Seldom has a contemporary film’s dialogues fired the general imagination the way Pink’s did. Seldom has a film challenged ‘Bollywood’s popular misogynistic tropes’ like Pink did.



Released in September 2016 (it is going to be exactly one year on the 16th), the film began to trend immediately. Over the next few months, as it became a phenomenal box-office success, it also became the subject of social and cultural debates – on the rights of women, and the justice and penal system in India. Not only did it manage to capture the zeitgeist but also established itself as a yardstick by which future films making a socio-political statement would be judged. The film became a tool for organizations to sensitize people about crimes against women. For a Hindi film to be able to do that is unheard of.
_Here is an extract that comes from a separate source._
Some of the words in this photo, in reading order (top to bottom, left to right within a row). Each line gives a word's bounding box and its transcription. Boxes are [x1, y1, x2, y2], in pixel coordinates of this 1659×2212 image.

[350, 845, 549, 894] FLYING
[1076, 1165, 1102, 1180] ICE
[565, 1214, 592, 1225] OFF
Pink: The Inside Story looks at the making of the movie and tries to understand why it resonated with large sections of society. With inputs from its principal cast and crew, Gautam Chintamani tracks the journey of the film – from its inception to the writing of its numerous drafts that kept being shaped by real-life events and personal experiences of the people connected with it, to its toils to wangle a producer within ‘Bollywood’ as the big studios refused to come on board, and from its spot-on casting to the immediacy with which it endeared itself to its audience.



Including the much-feted screenplay of the film, this is a riveting account of how one of the most important films of our time came to be made.
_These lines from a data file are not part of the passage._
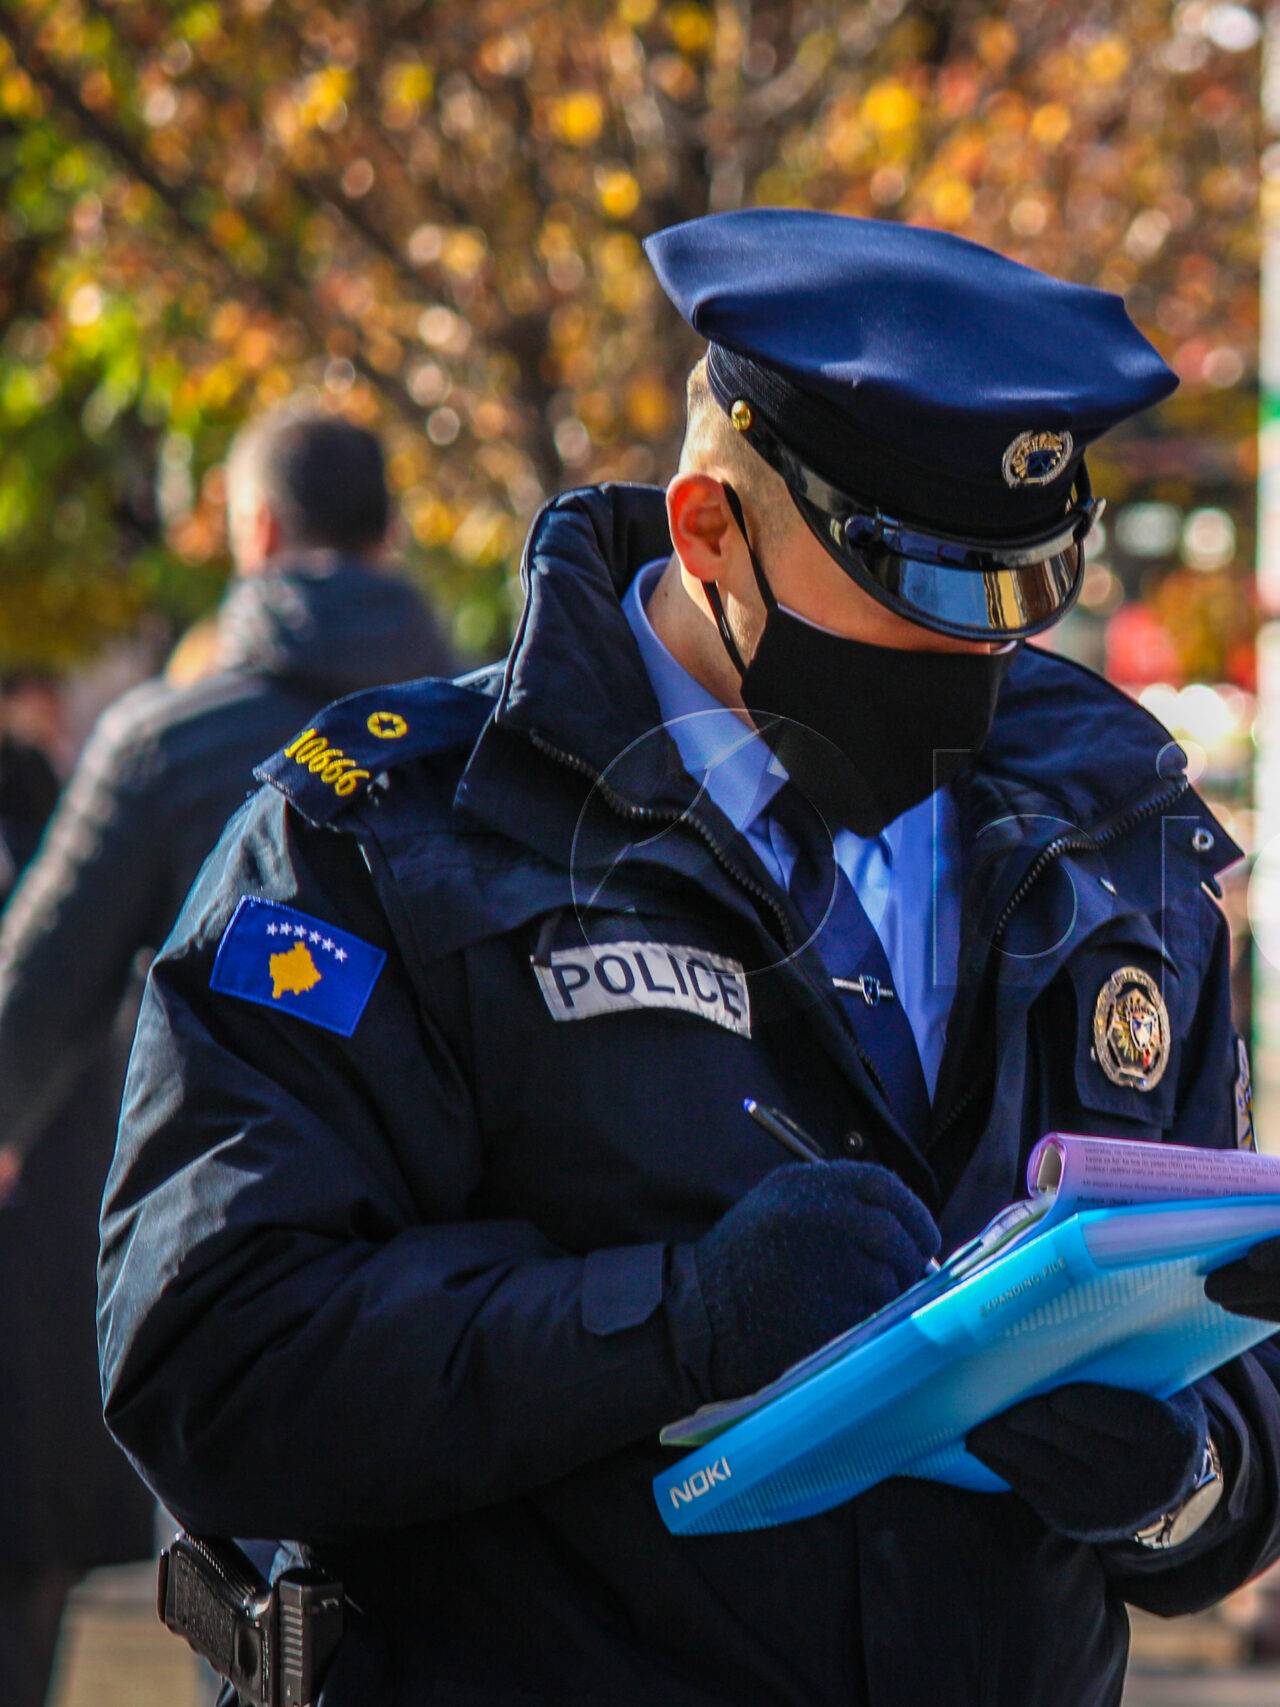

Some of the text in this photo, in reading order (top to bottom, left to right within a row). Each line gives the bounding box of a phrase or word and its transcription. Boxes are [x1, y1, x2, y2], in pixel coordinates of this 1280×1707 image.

[284, 728, 370, 796] 10666
[551, 951, 742, 1020] POLICE
[669, 1455, 732, 1509] NOKI
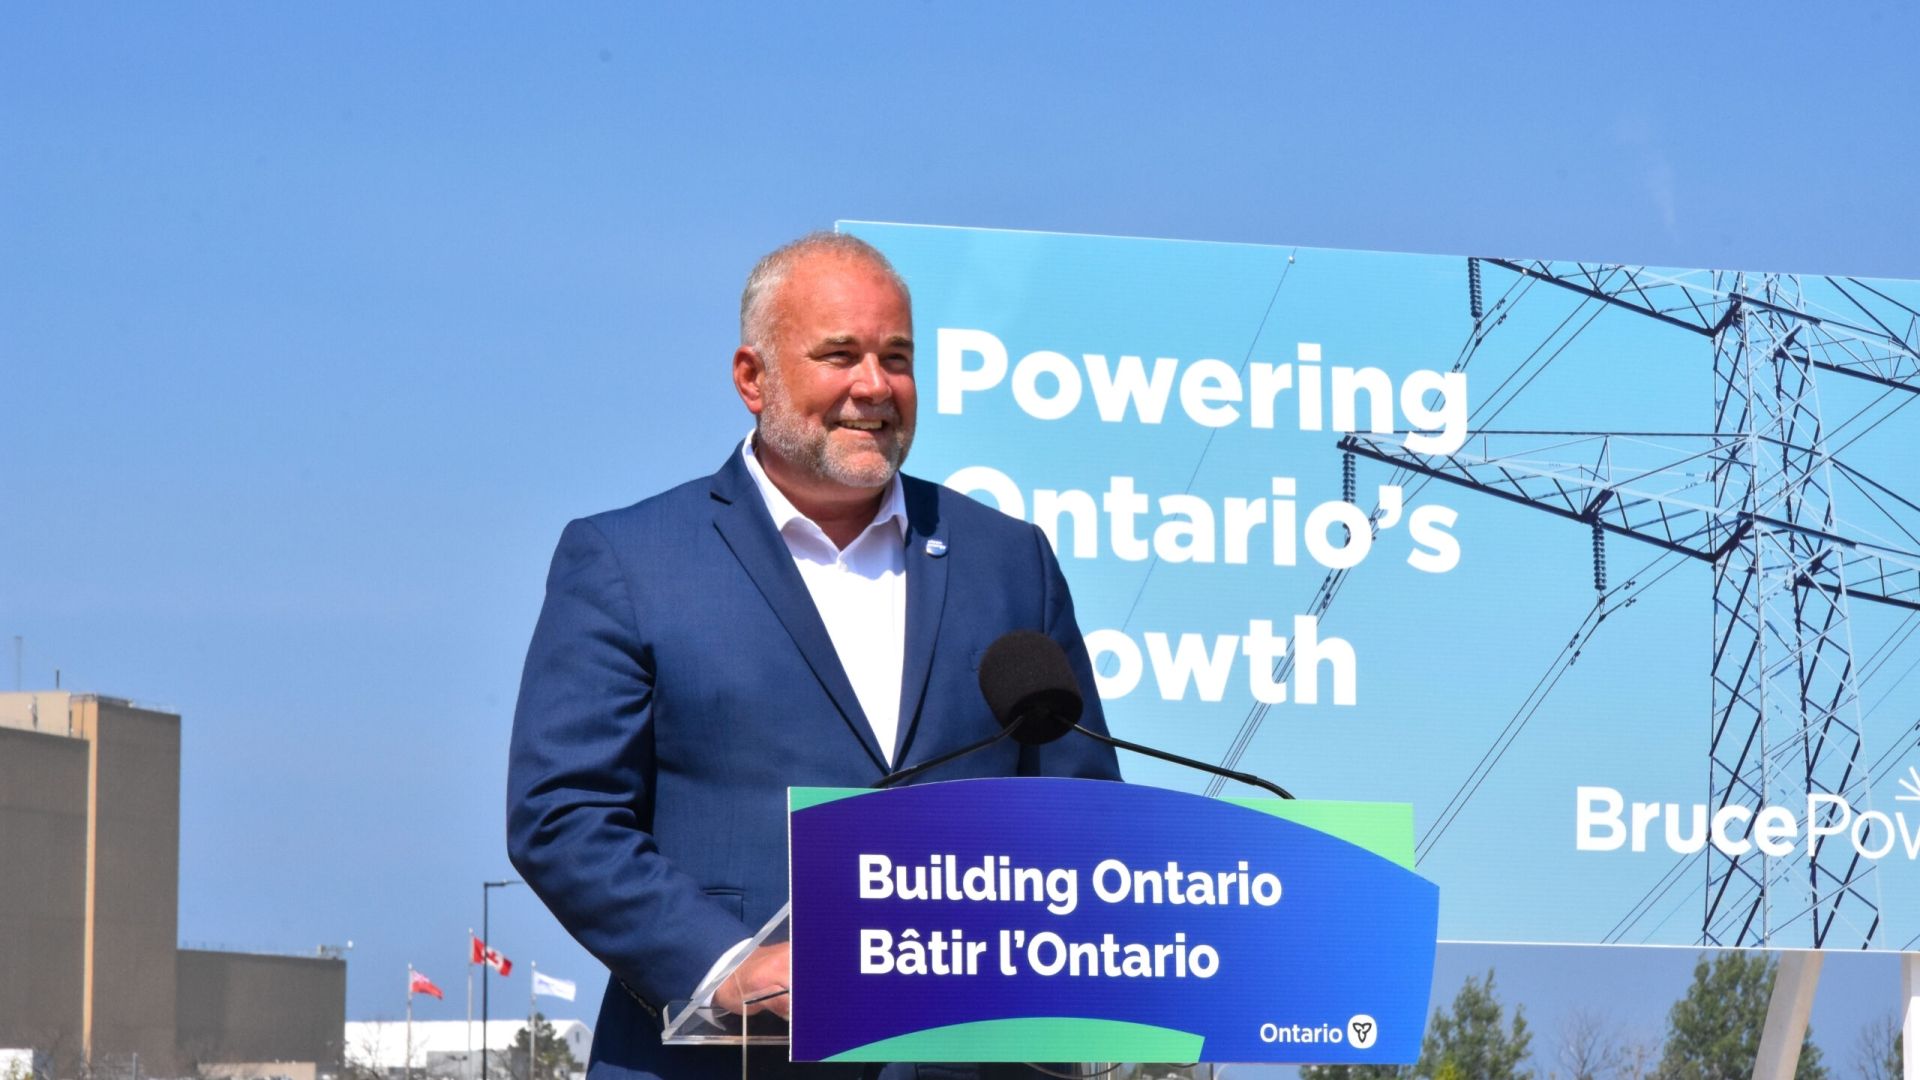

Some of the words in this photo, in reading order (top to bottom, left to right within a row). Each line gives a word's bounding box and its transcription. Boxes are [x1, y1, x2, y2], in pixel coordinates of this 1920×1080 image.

[937, 328, 1468, 455] Powering
[1082, 614, 1357, 706] owth
[859, 854, 1078, 915] Building
[1092, 859, 1282, 907] Ontario
[860, 928, 986, 975] Bâtir
[999, 929, 1220, 978] l'Ontario
[1260, 1023, 1343, 1044] Ontario
‘Na’ sirf ek shabd nahi … apne aap mein pura vakya hai. Isey kisi tark, spashtikaran, explanation ya vyakhya ki jaroorat nahi hoti … ‘No’ ka matlab ‘no’ hota hai. Usey bolne wali ladki koi parichit ho, friend ho, girlfriend ho, koi sex worker ho ya aapki apni biwi hi kyu na ho. ‘No’ means ‘no’ and when someone says ‘no’, you stop …
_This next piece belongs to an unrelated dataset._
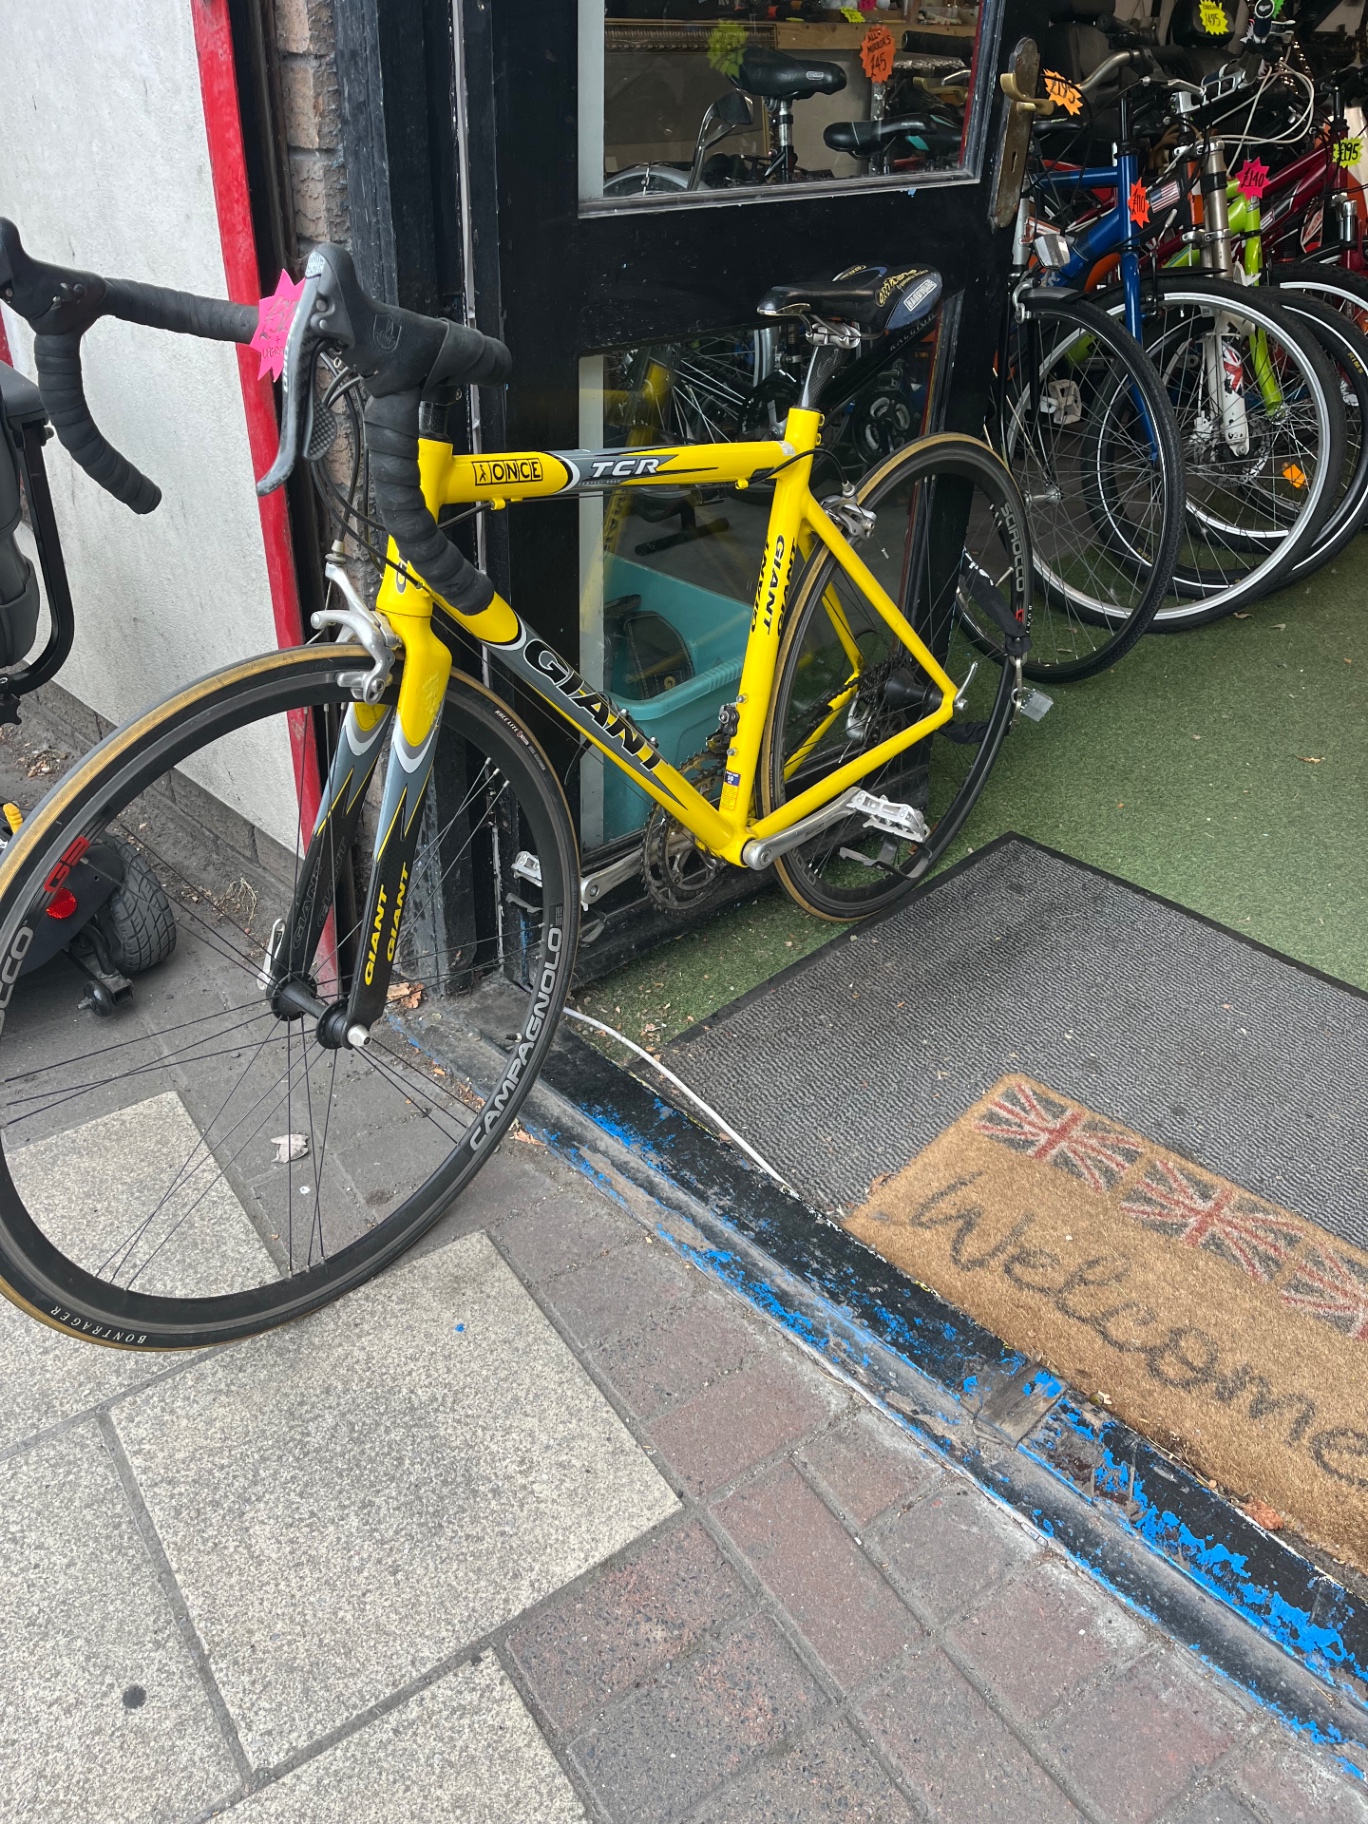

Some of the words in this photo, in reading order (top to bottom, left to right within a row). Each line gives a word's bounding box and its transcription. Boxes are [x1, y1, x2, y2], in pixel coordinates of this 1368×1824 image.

Gautam Chintamani is the author of Dark Star: The Loneliness of Being Rajesh Khanna (2014) and Qayamat Se Qayamat Tak: The Film That Revived Hindi Cinema (2016). His writing has featured in national publications, including a compilation on Dadasaheb Phalke awardees published by the Ministry of Information and Broadcasting, Legends of Indian Silver Screen. He was on the National Film Awards jury for Best Writing on Cinema in 2016.



Gautam is the great-grandson of literarian Sir C.Y. Chintamani and the grandchild of Telugu poet laureate Arudra and noted feminist writer K. Ramalakshmi. He and his wife, Amrita, along with their dog, Buddy, live in Gurgaon and in the hills of Himachal.